The Republican Central Committee in North Carolina voted yes on a no-confidence resolution last week that censured its chairperson Hasan Harnett, the first African American to hold the post. 

According to an N.C. GOP memo, Harnett, who assumed the position in June 2015 despite Gov. Pat McCrory and many other Republican leaders endorsing his rival, was censured on the basis of "gross violations of the party's rules."

Claude Pope, Harnett’s predecessor as chairperson of the state Republicans, said in a statement he was disappointed by the necessity of such a vote.

“The work of the party must carry on in an environment of mutual trust and respect with our leaders,” Pope said. “It became painfully evident that this was not to be the case with this chairman.”

Harnett expressed his frustrations on Facebook, where he said the allegations were silly tricks, attacks and lies, and during an interview with the radio station WCQS he said he felt persecuted by party insiders, whom he collectively refered to as Republicans Anonymous.

“We have… (N.C. GOP Executive Director Dallas Woodhouse) hiding behind a committee, and in that committee there are faceless individuals who won’t go on record for anything,” Harnett said on WCQS. “It’s about the Republicans Anonymous trying to put pressure on me and to cave in to something that is not true.”

The Central Committee said in the GOP memo that Harnett compromised the security of the party’s website, attempted to remove his rivals from the committee without following proper protocols, prematurely publicized confidential proceedings and failed to meet fundraising goals.
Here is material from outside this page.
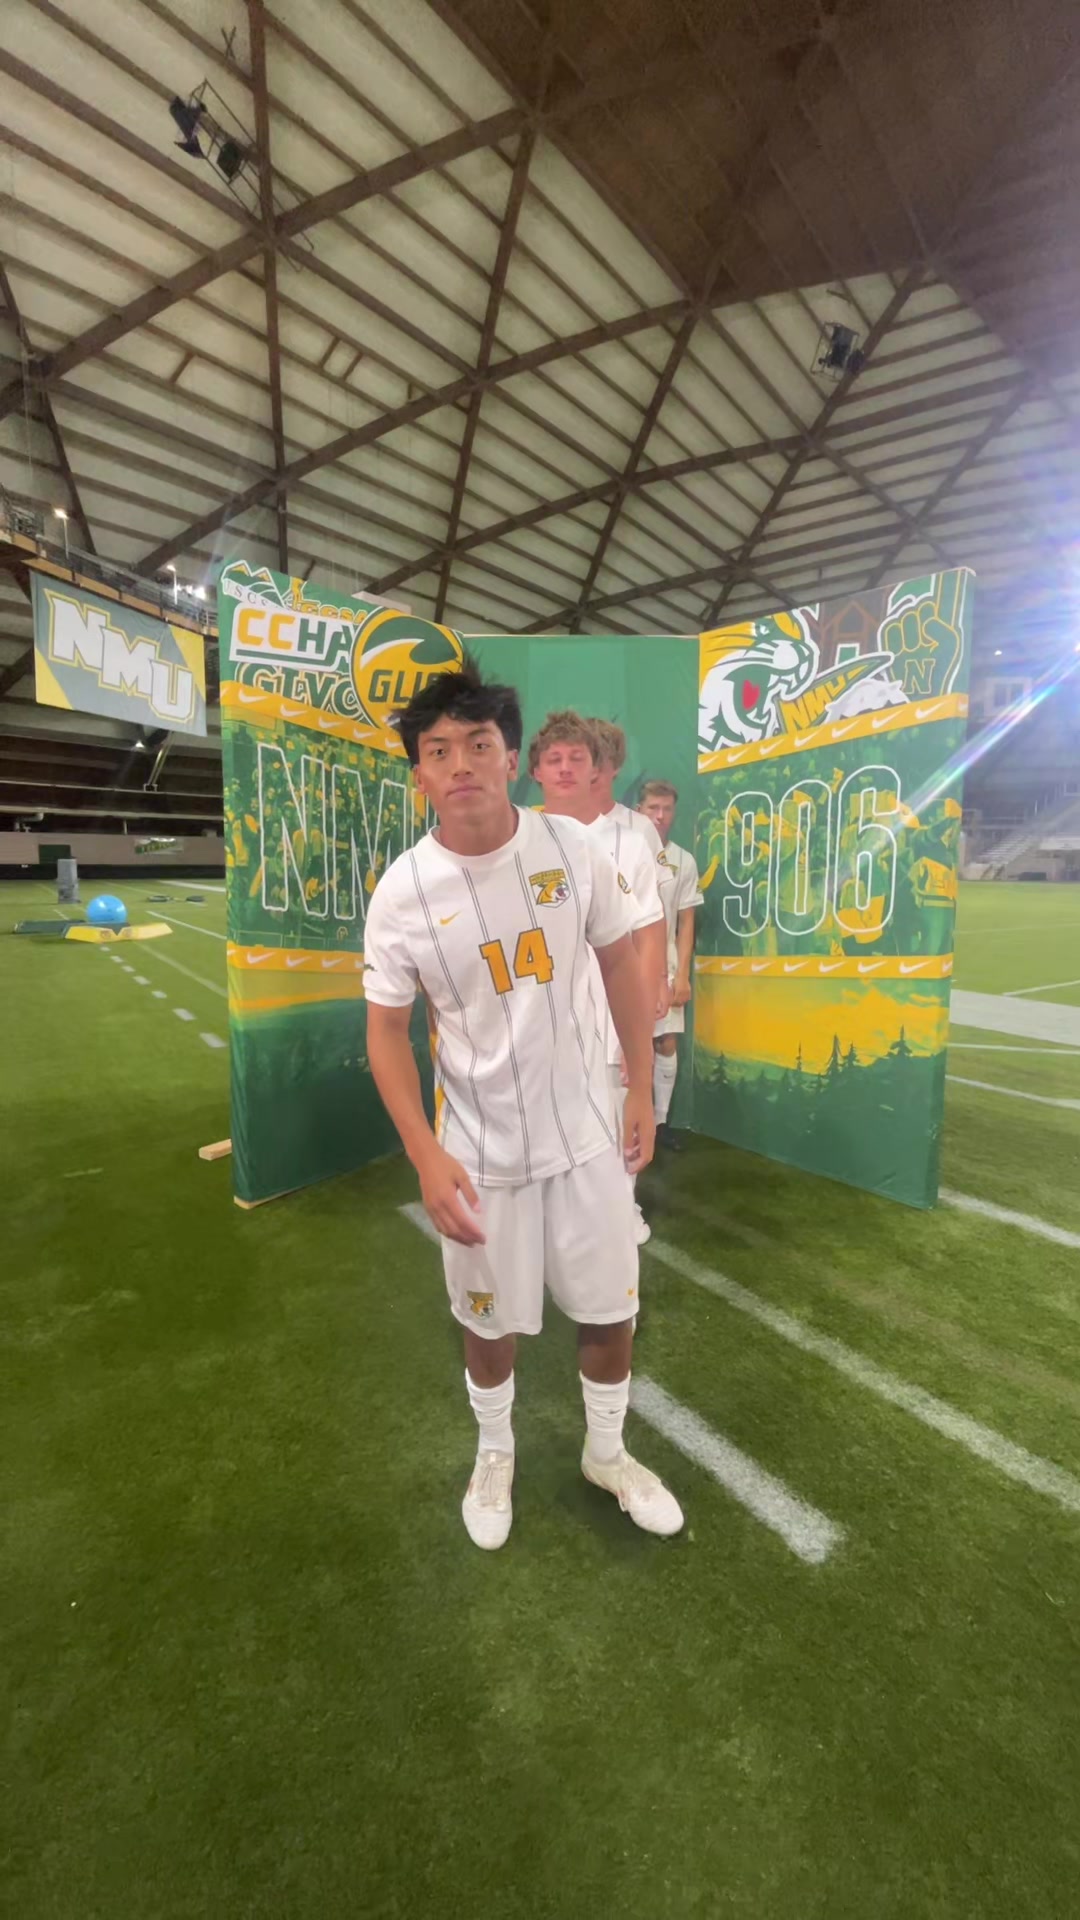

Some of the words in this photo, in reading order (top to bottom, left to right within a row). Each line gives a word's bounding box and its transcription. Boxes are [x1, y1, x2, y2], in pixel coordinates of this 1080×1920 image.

Harnett and the party establishment have been at odds since he was elected chairperson, said Mitch Kokai, spokesperson for the John Locke Foundation, a conservative think tank.

“Disagreements that were in place among various elements of the Republican Party at that time have now become much more hardened differences between two different camps,” Kokai said. “This has been something that has been brewing ever since the election… (and) now it’s come to the surface in open confrontation.”
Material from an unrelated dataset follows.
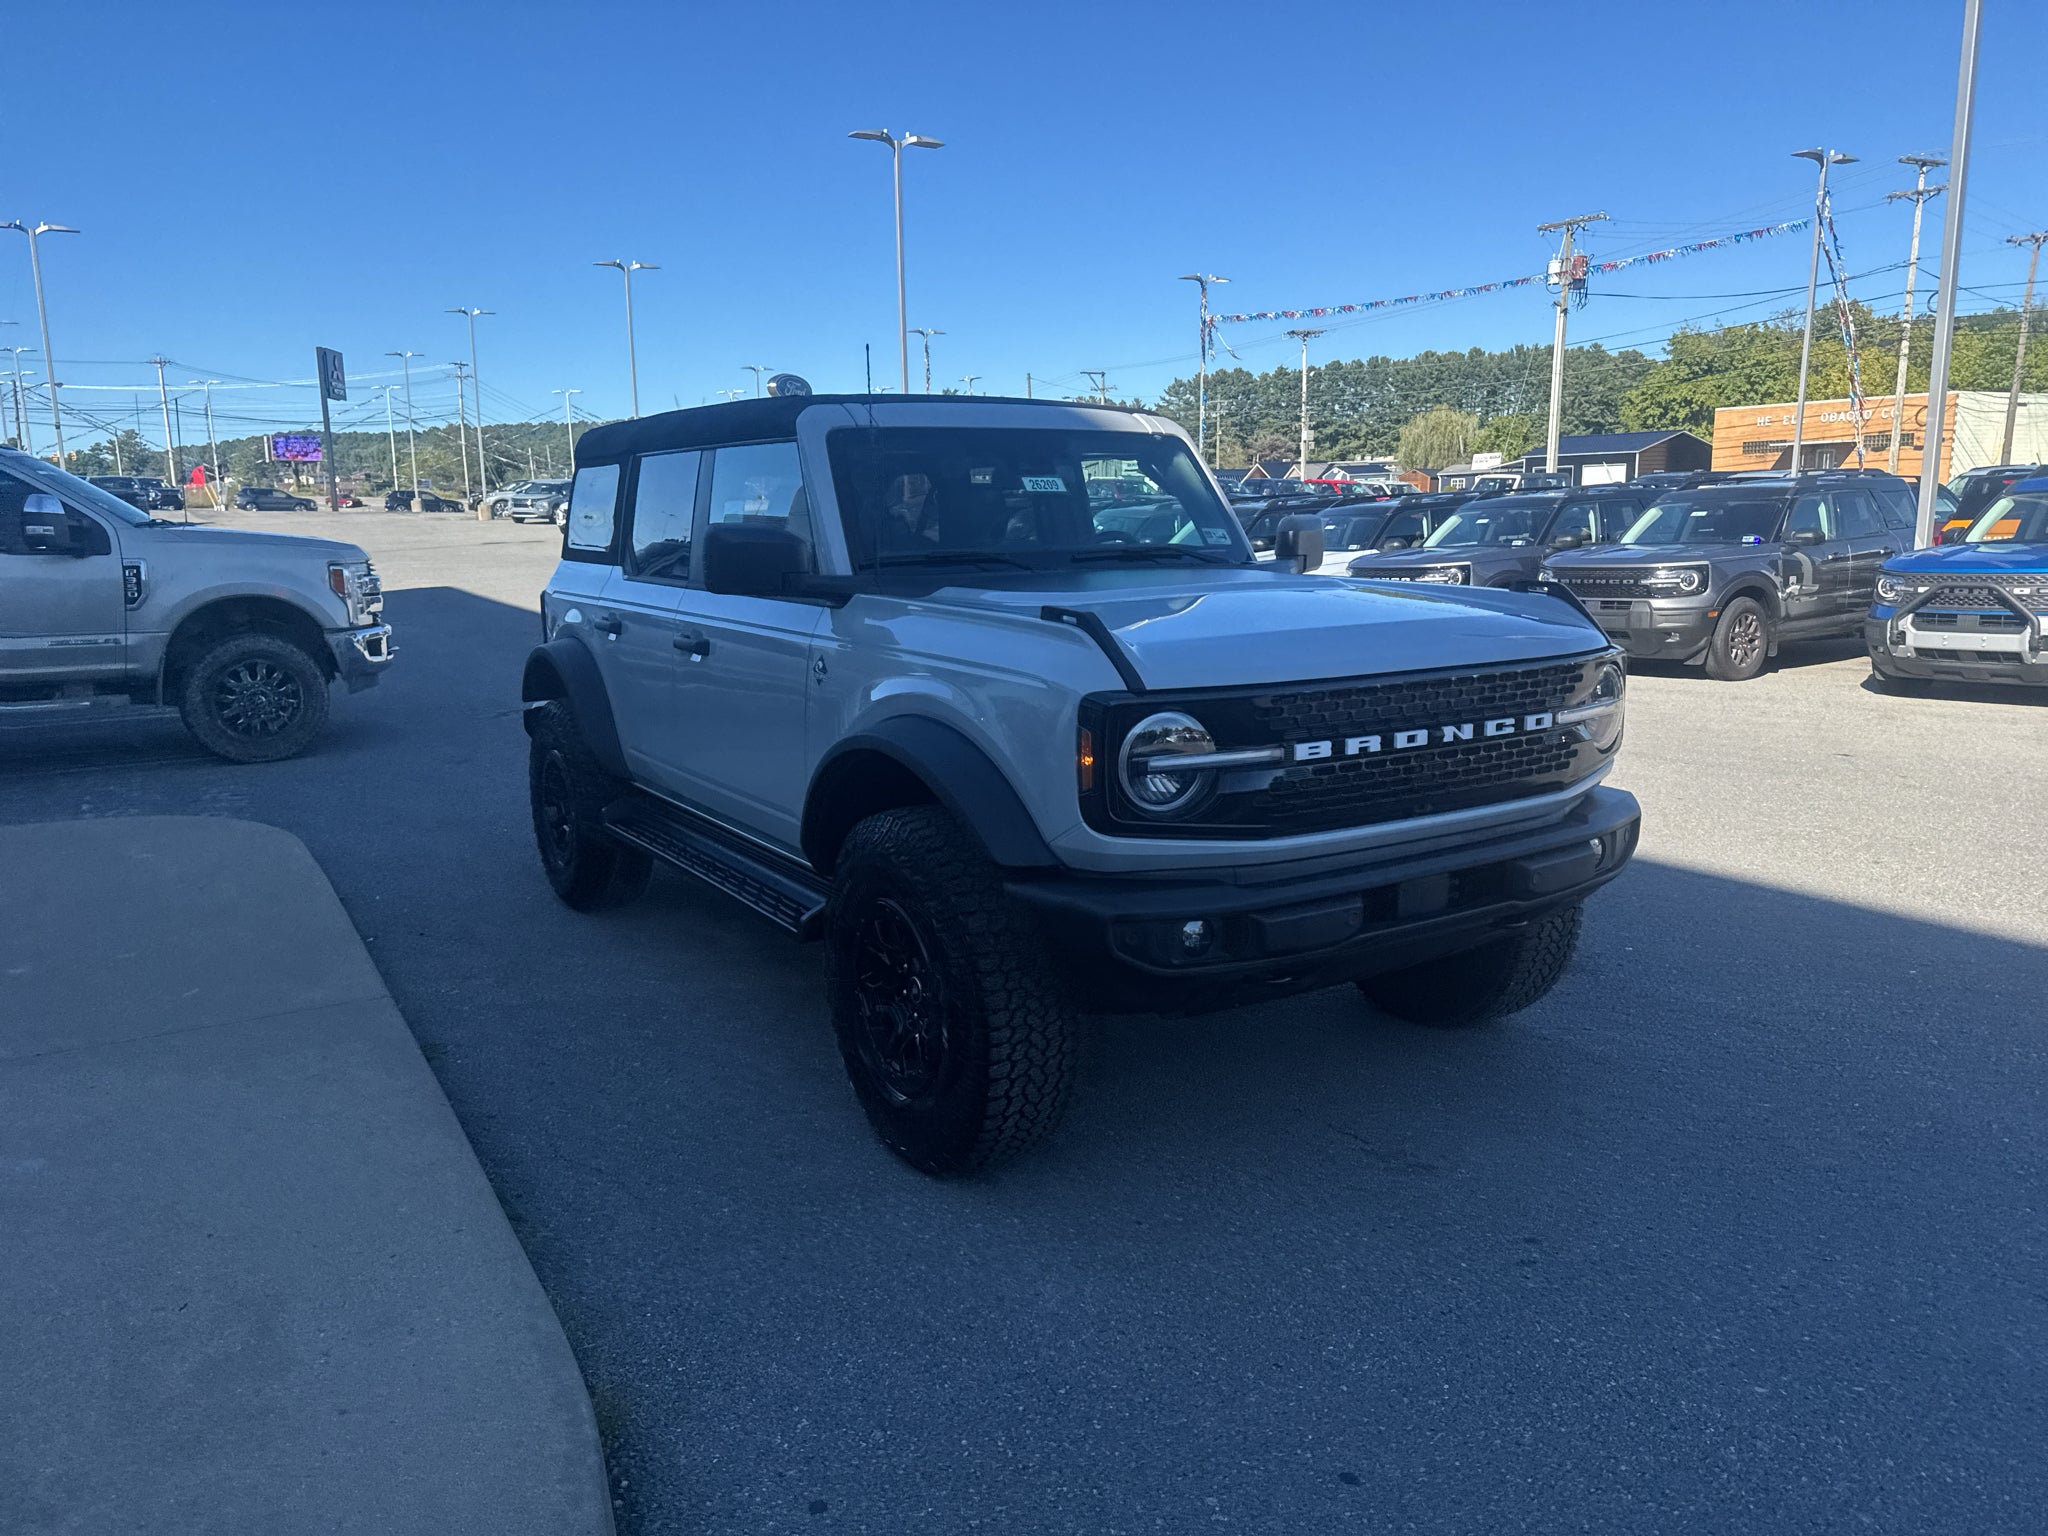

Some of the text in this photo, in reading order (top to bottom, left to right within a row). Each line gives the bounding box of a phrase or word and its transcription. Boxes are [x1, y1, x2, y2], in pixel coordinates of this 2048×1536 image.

[1783, 414, 1805, 425] EL
[1820, 410, 1872, 423] OBACO
[1028, 479, 1060, 490] 26209
[1294, 712, 1553, 761] BRONCO
Harnett oversaw the impeachment vote against Rep. David Lewis, R-Harnett, from the RNC and a vote of no confidence against Woodhouse — two establishment politicians who opposed Harnett during his election. Both votes, taken in January, were unsuccessful.

The public sparring continued earlier this month when Harnett’s official email address was deactivated. While the Republican Party said the account was disabled in response to a security issue, Harnett sent an email to Woodhouse from his personal account.

“I mean seriously, is this some form of ritual or hazing you would put the first black chairman of the NCGOP state party through?” Harnett said in the email. “Or is it because I am not white enough for you?”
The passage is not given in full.